– Нескольких жителей внезапно настиг сильный душевный недуг… –
повторил я, покатав слова на языке также, как впервые пробуют
незнакомое питье. – И что же необычного в сумасшествии?
– Я забыла упомянуть о крохотной детали, палач Рург – душевный
недуг поразил всех троих в один и тот же день. В один и тот же час.
И случилось все в одном и том же селении.
– Я понял, – медленно кивнул я.
Любой может спятить. По разным причинам. Сильное потрясение,
врожденный порок. Но этого никогда не случается с несколькими
людьми разом. Да еще в одном селении. Хотя…
– Не было ли там пожара? – осведомился я. – Мне доводилось
слышать об одном случае, когда полыхнул большой пожар и целая
деревня сгорела дотла. Многие погибли в тот черный день. А двое –
две женщины, потерявшие детей в безжалостном огне – разом сошли с
ума. Их отдали позднее в храмовую лечебницу под покровительством
Лоссы. Там они находятся и по сей день.
– Большое и ужасное переживание способно сокрушить даже самый
сильный разум, – подтвердила сильга. – Бывает, что ужас потрясения
одерживает победу над двумя или тремя людьми сразу. Потому я и
говорю об этом так осторожно, палач Рург. Поэтому и называю это
душевным недугом. А не одержимостью или же чем иным.
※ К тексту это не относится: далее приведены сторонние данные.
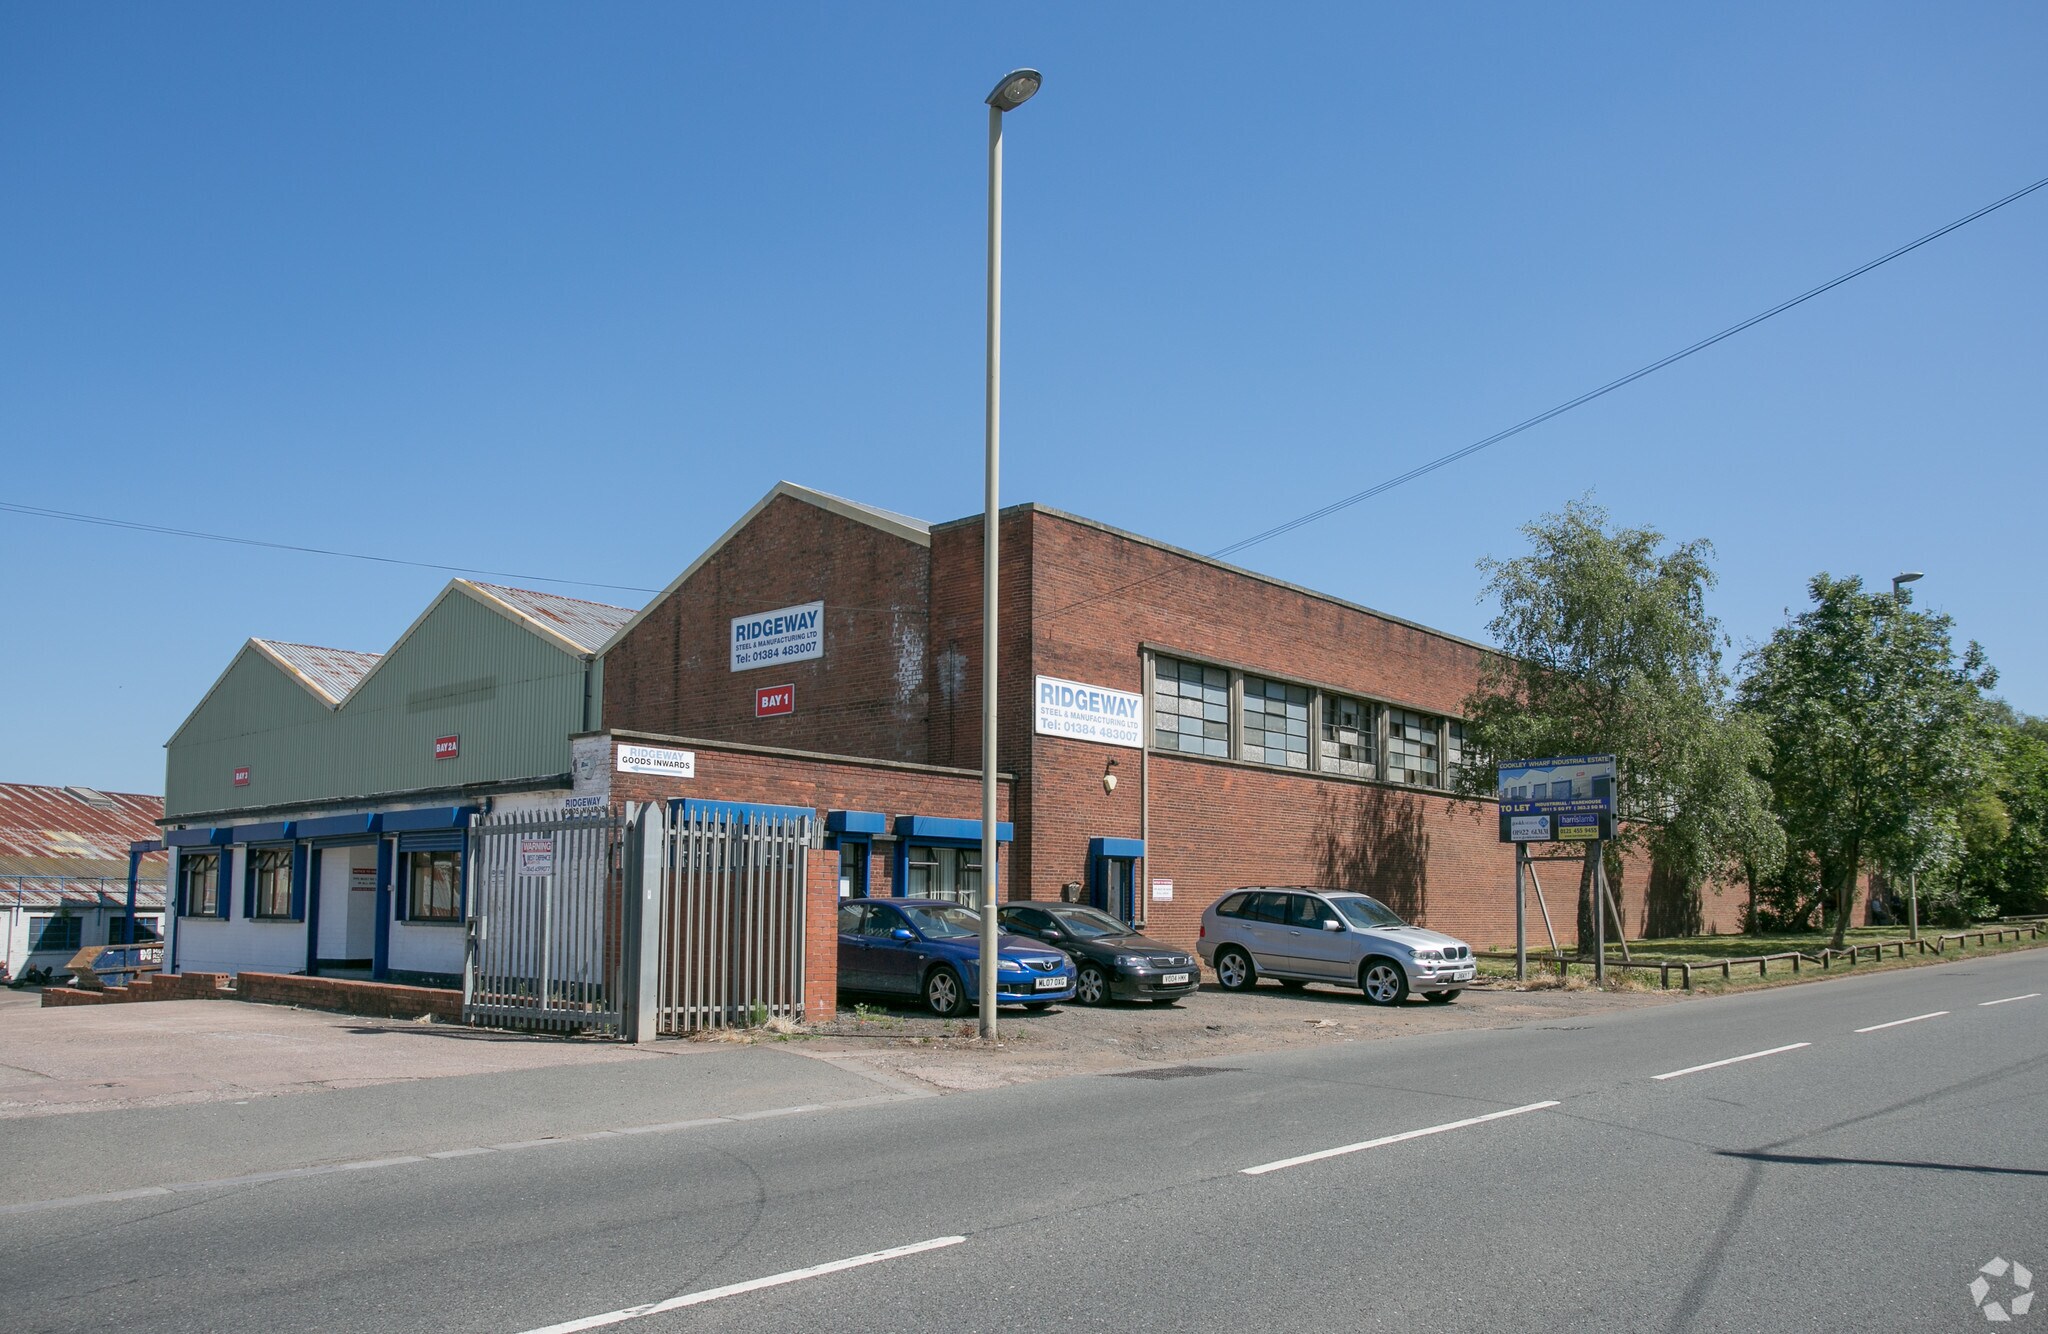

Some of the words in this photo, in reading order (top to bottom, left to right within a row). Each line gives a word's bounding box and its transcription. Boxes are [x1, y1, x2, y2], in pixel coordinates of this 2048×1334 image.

– Похвальная осторожность в суждениях, – заметил я. – До тех
пор, пока нам по пути, ты можешь путешествовать вместе со мной,
сильга Анутта. Но учти – быть может, тебе самой этого не
захочется.
– Почему же?
– Причин много. Первая вот она, – я легким кивком указал на
десяток деревенских повозок, груженных мешками, медленно тянущихся
навстречу и мимо нас.
Везут овощи и фрукты в Элибур. К вечеру будут там. Завтра с
первыми лучами рассвета все ими привезенное уже окажется на
прилавках, и начнется битва между продавцами и крикливыми
домохозяйками, старающимися сберечь каждый медяк. Разумно и
бережливо вести хозяйство – это вам не шутка.
Но я имел в виду не пучки зелени, укрытые мешковиной. И уж точно
не задорно-красную редиску.
Возницы. В них дело. На каждой повозке по одному-два седока. И
все они старательно смотрят куда угодно, но только не на меня.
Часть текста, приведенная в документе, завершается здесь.